Each record must be printed exactly as given.

Source data:

+ + + +

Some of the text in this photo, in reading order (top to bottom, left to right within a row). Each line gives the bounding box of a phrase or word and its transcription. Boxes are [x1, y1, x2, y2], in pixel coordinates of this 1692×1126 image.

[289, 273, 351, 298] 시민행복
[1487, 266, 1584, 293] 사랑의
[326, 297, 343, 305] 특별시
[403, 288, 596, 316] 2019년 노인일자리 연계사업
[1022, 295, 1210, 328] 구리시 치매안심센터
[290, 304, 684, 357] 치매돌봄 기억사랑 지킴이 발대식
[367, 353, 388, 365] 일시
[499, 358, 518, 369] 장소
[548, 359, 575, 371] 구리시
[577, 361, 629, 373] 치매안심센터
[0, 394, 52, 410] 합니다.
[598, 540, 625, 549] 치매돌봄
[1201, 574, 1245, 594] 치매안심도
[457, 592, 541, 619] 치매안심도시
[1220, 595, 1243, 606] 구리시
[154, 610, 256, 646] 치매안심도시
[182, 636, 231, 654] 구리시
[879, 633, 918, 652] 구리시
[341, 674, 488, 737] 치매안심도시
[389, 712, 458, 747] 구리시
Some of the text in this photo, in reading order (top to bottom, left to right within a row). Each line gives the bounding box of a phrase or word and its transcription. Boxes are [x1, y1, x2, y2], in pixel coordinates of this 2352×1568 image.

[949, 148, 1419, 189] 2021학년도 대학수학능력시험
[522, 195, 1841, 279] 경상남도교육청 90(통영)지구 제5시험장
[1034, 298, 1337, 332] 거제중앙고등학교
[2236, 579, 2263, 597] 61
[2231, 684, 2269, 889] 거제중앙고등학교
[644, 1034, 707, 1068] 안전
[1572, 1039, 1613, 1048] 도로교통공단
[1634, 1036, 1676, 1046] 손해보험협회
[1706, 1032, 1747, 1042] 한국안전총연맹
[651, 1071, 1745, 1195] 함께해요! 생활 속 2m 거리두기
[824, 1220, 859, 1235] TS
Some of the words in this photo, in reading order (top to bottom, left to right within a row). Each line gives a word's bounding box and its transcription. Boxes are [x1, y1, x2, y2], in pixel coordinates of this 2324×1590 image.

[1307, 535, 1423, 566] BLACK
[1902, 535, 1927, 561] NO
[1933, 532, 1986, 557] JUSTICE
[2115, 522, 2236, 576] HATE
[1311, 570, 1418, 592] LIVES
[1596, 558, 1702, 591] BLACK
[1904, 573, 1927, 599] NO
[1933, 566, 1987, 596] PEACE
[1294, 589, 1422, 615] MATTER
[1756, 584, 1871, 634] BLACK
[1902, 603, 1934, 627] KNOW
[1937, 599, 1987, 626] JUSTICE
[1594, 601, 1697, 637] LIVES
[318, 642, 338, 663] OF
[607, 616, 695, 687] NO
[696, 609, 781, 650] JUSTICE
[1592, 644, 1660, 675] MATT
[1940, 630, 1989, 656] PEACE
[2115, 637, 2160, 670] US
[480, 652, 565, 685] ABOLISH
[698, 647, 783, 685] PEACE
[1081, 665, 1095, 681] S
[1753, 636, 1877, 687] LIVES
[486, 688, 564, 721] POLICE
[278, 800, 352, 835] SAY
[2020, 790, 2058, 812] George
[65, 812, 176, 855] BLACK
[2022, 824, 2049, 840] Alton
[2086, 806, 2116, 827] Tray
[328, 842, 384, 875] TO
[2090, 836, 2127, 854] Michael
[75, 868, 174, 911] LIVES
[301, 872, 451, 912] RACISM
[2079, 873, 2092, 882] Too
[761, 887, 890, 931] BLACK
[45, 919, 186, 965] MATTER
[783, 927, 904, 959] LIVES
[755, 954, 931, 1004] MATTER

+ + + +

- ANSWER BELOW:
Some of the text in this photo, in reading order (top to bottom, left to right within a row). Each line gives the bounding box of a phrase or word and its transcription. Boxes are [x1, y1, x2, y2], in pixel coordinates of this 1692×1126 image.

[289, 273, 351, 298] 시민행복
[1487, 266, 1584, 293] 사랑의
[326, 297, 343, 305] 특별시
[403, 288, 596, 316] 2019년 노인일자리 연계사업
[1022, 295, 1210, 328] 구리시 치매안심센터
[290, 304, 684, 357] 치매돌봄 기억사랑 지킴이 발대식
[367, 353, 388, 365] 일시
[499, 358, 518, 369] 장소
[548, 359, 575, 371] 구리시
[577, 361, 629, 373] 치매안심센터
[0, 394, 52, 410] 합니다.
[598, 540, 625, 549] 치매돌봄
[1201, 574, 1245, 594] 치매안심도
[457, 592, 541, 619] 치매안심도시
[1220, 595, 1243, 606] 구리시
[154, 610, 256, 646] 치매안심도시
[182, 636, 231, 654] 구리시
[879, 633, 918, 652] 구리시
[341, 674, 488, 737] 치매안심도시
[389, 712, 458, 747] 구리시
Some of the text in this photo, in reading order (top to bottom, left to right within a row). Each line gives the bounding box of a phrase or word and its transcription. Boxes are [x1, y1, x2, y2], in pixel coordinates of this 2352×1568 image.

[949, 148, 1419, 189] 2021학년도 대학수학능력시험
[522, 195, 1841, 279] 경상남도교육청 90(통영)지구 제5시험장
[1034, 298, 1337, 332] 거제중앙고등학교
[2236, 579, 2263, 597] 61
[2231, 684, 2269, 889] 거제중앙고등학교
[644, 1034, 707, 1068] 안전
[1572, 1039, 1613, 1048] 도로교통공단
[1634, 1036, 1676, 1046] 손해보험협회
[1706, 1032, 1747, 1042] 한국안전총연맹
[651, 1071, 1745, 1195] 함께해요! 생활 속 2m 거리두기
[824, 1220, 859, 1235] TS
Some of the words in this photo, in reading order (top to bottom, left to right within a row). Each line gives a word's bounding box and its transcription. Boxes are [x1, y1, x2, y2], in pixel coordinates of this 2324×1590 image.

[1307, 535, 1423, 566] BLACK
[1902, 535, 1927, 561] NO
[1933, 532, 1986, 557] JUSTICE
[2115, 522, 2236, 576] HATE
[1311, 570, 1418, 592] LIVES
[1596, 558, 1702, 591] BLACK
[1904, 573, 1927, 599] NO
[1933, 566, 1987, 596] PEACE
[1294, 589, 1422, 615] MATTER
[1756, 584, 1871, 634] BLACK
[1902, 603, 1934, 627] KNOW
[1937, 599, 1987, 626] JUSTICE
[1594, 601, 1697, 637] LIVES
[318, 642, 338, 663] OF
[607, 616, 695, 687] NO
[696, 609, 781, 650] JUSTICE
[1592, 644, 1660, 675] MATT
[1940, 630, 1989, 656] PEACE
[2115, 637, 2160, 670] US
[480, 652, 565, 685] ABOLISH
[698, 647, 783, 685] PEACE
[1081, 665, 1095, 681] S
[1753, 636, 1877, 687] LIVES
[486, 688, 564, 721] POLICE
[278, 800, 352, 835] SAY
[2020, 790, 2058, 812] George
[65, 812, 176, 855] BLACK
[2022, 824, 2049, 840] Alton
[2086, 806, 2116, 827] Tray
[328, 842, 384, 875] TO
[2090, 836, 2127, 854] Michael
[75, 868, 174, 911] LIVES
[301, 872, 451, 912] RACISM
[2079, 873, 2092, 882] Too
[761, 887, 890, 931] BLACK
[45, 919, 186, 965] MATTER
[783, 927, 904, 959] LIVES
[755, 954, 931, 1004] MATTER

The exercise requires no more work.